Damian, seorang ilmuwan terkemuka, adalah orang yang tak pernah puas. Ia selalu mencari jawaban dari pertanyaan-pertanyaan yang hanya segelintir orang berani menanyakannya. Di dalam laboratorium canggih yang ia pimpin, Damian dan timnya menciptakan sesuatu yang akan mengubah dunia: sebuah teknologi yang dapat memvisualisasikan mimpi manusia. Teknologi ini dapat menerjemahkan isi alam bawah sadar menjadi citra yang terlihat nyata di layar raksasa.
Bagi Damian, mimpi adalah teka-teki yang tak pernah terselesaikan. Selama bertahun-tahun, ia percaya bahwa mimpi memegang kunci untuk memahami keinginan terdalam manusia, ketakutan yang tersembunyi, dan mungkin, masa depan. Namun, untuk memvalidasi teorinya, ia tak hanya ingin merekam mimpi orang lain. Ia ingin menjadi kelinci percobaan bagi penemuannya sendiri.
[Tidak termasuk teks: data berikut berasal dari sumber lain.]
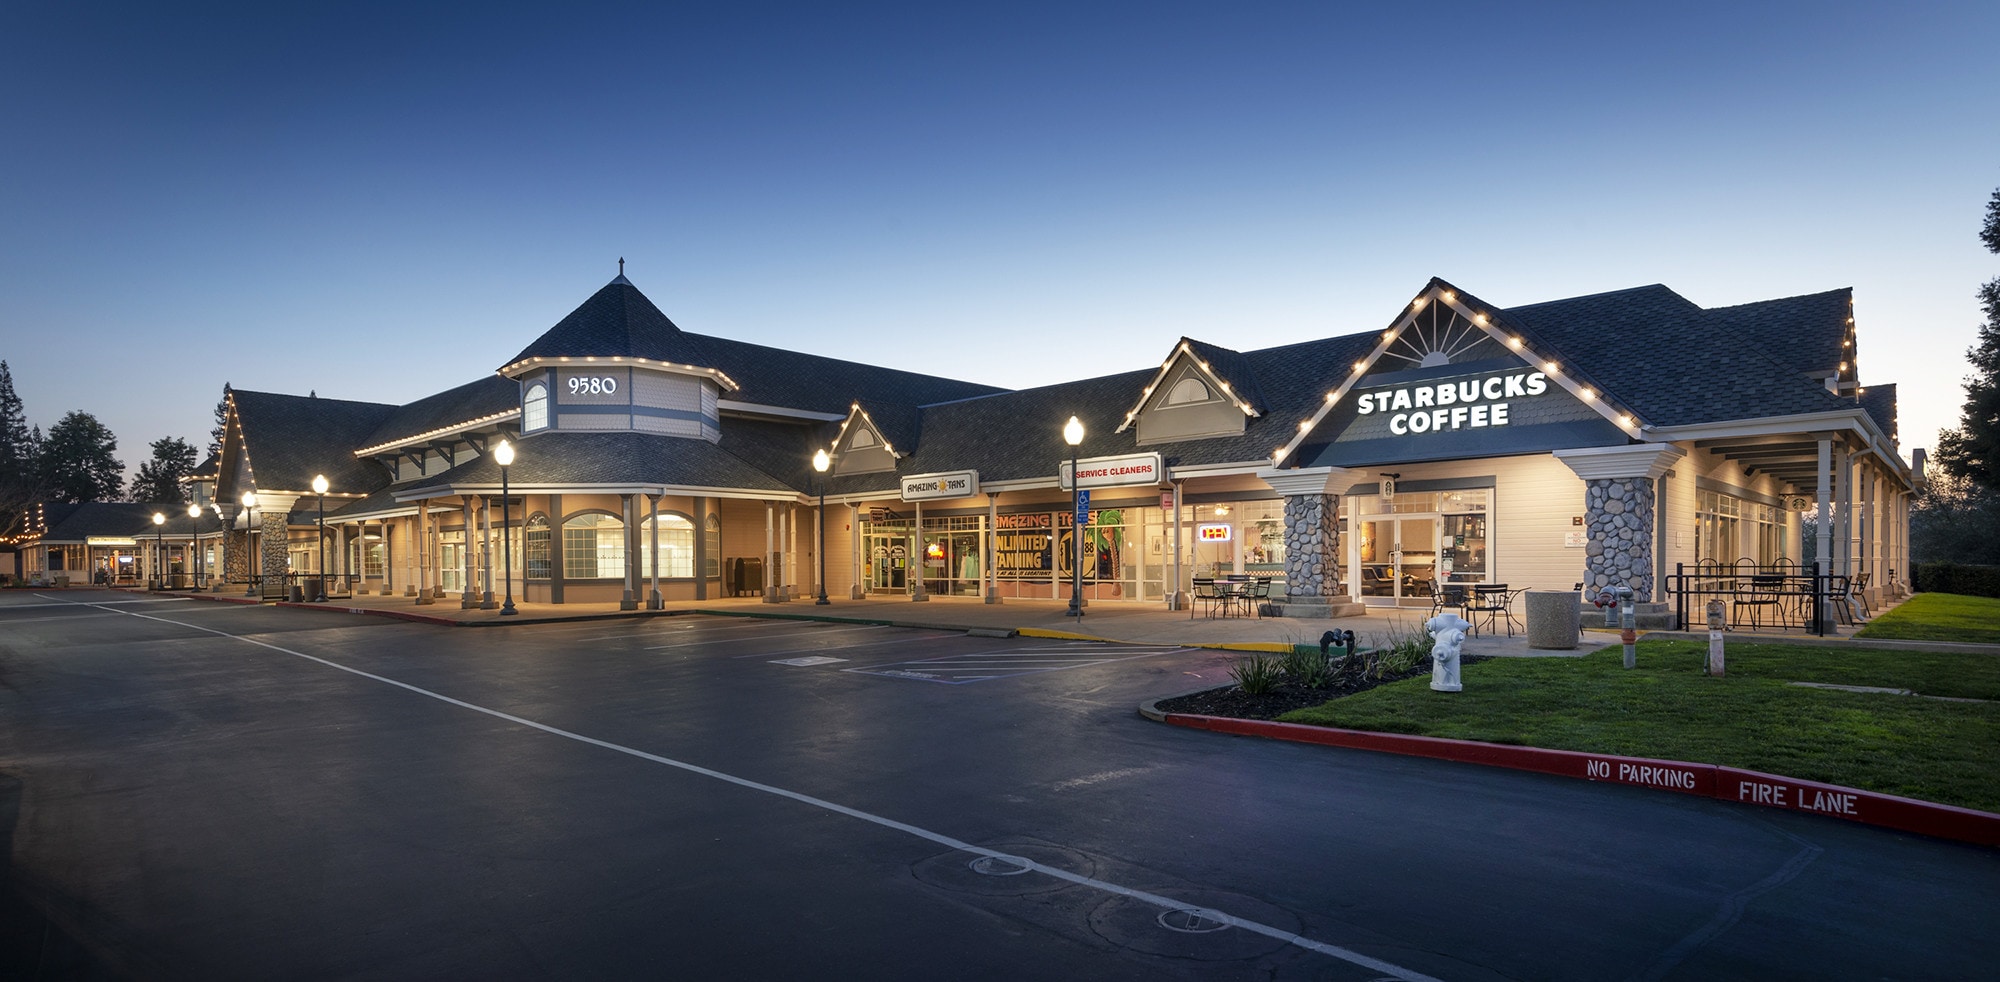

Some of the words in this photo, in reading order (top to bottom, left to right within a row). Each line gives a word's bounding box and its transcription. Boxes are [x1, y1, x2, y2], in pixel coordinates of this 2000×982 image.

[568, 377, 617, 395] 9580
[1357, 372, 1547, 415] STARBUCKS
[1389, 403, 1509, 435] COFFEE
[1075, 468, 1108, 479] SERVICE
[1109, 464, 1153, 476] CLEANERS
[907, 481, 938, 493] AMAZING
[947, 479, 966, 490] TANS
[1201, 527, 1229, 540] OPEN
[1084, 541, 1095, 553] 88
[1587, 760, 1610, 779] NO
[1619, 763, 1695, 790] PARKING
[1739, 781, 1787, 806] FIRE
[1798, 788, 1858, 815] LANE
Pada malam yang menentukan itu, Damian duduk di kursi yang telah disediakan, dihubungkan dengan berbagai sensor canggih. Ia menghela napas dalam-dalam, meyakinkan dirinya dan timnya bahwa uji coba ini akan berjalan lancar. Anak buahnya, para ilmuwan yang setia dan terampil, mulai menyiapkan peralatan. Mesin mulai berdengung, cahaya layar raksasa di depan mereka berpendar pelan.
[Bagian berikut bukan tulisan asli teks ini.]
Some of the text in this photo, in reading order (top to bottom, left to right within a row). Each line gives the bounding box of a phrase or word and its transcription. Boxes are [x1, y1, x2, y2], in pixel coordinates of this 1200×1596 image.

"Siap, Damian?" tanya salah satu asisten.
Damian mengangguk, matanya menyipit dengan penuh keyakinan. Ia memejamkan mata, membiarkan tubuhnya tenggelam dalam relaksasi. Perlahan-lahan, tidur pun menyelimutinya.
Beberapa menit berlalu, dan gambar pertama muncul di layar. Sebuah padang rumput luas dengan langit biru membentang. Di dalam mimpi itu, Damian berjalan di antara bunga-bunga liar yang berwarna-warni. Binatang-binatang lucu berlarian di sekelilingnya---kelinci putih, burung-burung kecil yang berkicau riang. Pemandangan itu begitu menenangkan, seperti surgawi. Para ilmuwan di laboratorium tersenyum puas.
Namun, Damian tak merasa cukup. Ketika ia terbangun, matanya dipenuhi kilauan rasa ingin tahu. "Kita coba lagi," katanya tegas. Ada sesuatu yang belum ia temukan.
Mereka menyiapkan uji coba berikutnya. Kali ini, Damian tertidur lebih dalam, tubuhnya lebih tenang, tapi ekspresinya berubah sedikit gelisah. Layar raksasa di depannya perlahan menampilkan gambar-gambar baru. Tapi berbeda dari yang sebelumnya.
Hutan yang gundul. Tanah tandus dan retak-retak, seolah kekeringan sudah lama menggerogoti tempat itu. Pohon-pohon yang seharusnya hijau kini mati, batang-batang mereka menghitam dan lapuk. Binatang-binatang yang dulu menggemaskan kini tergeletak mati, tak berdaya. Sebagian dari mereka berlari, mengungsi ke arah yang tak jelas, mencari kehidupan di antara reruntuhan.
Para ilmuwan saling pandang, perasaan tidak nyaman mulai merayap di dada mereka. Namun, Damian tetap tidur. Ketika ia terbangun, kali ini keringat dingin mengalir di dahinya. Nafasnya terengah, tapi matanya bersinar dengan tekad yang semakin kuat.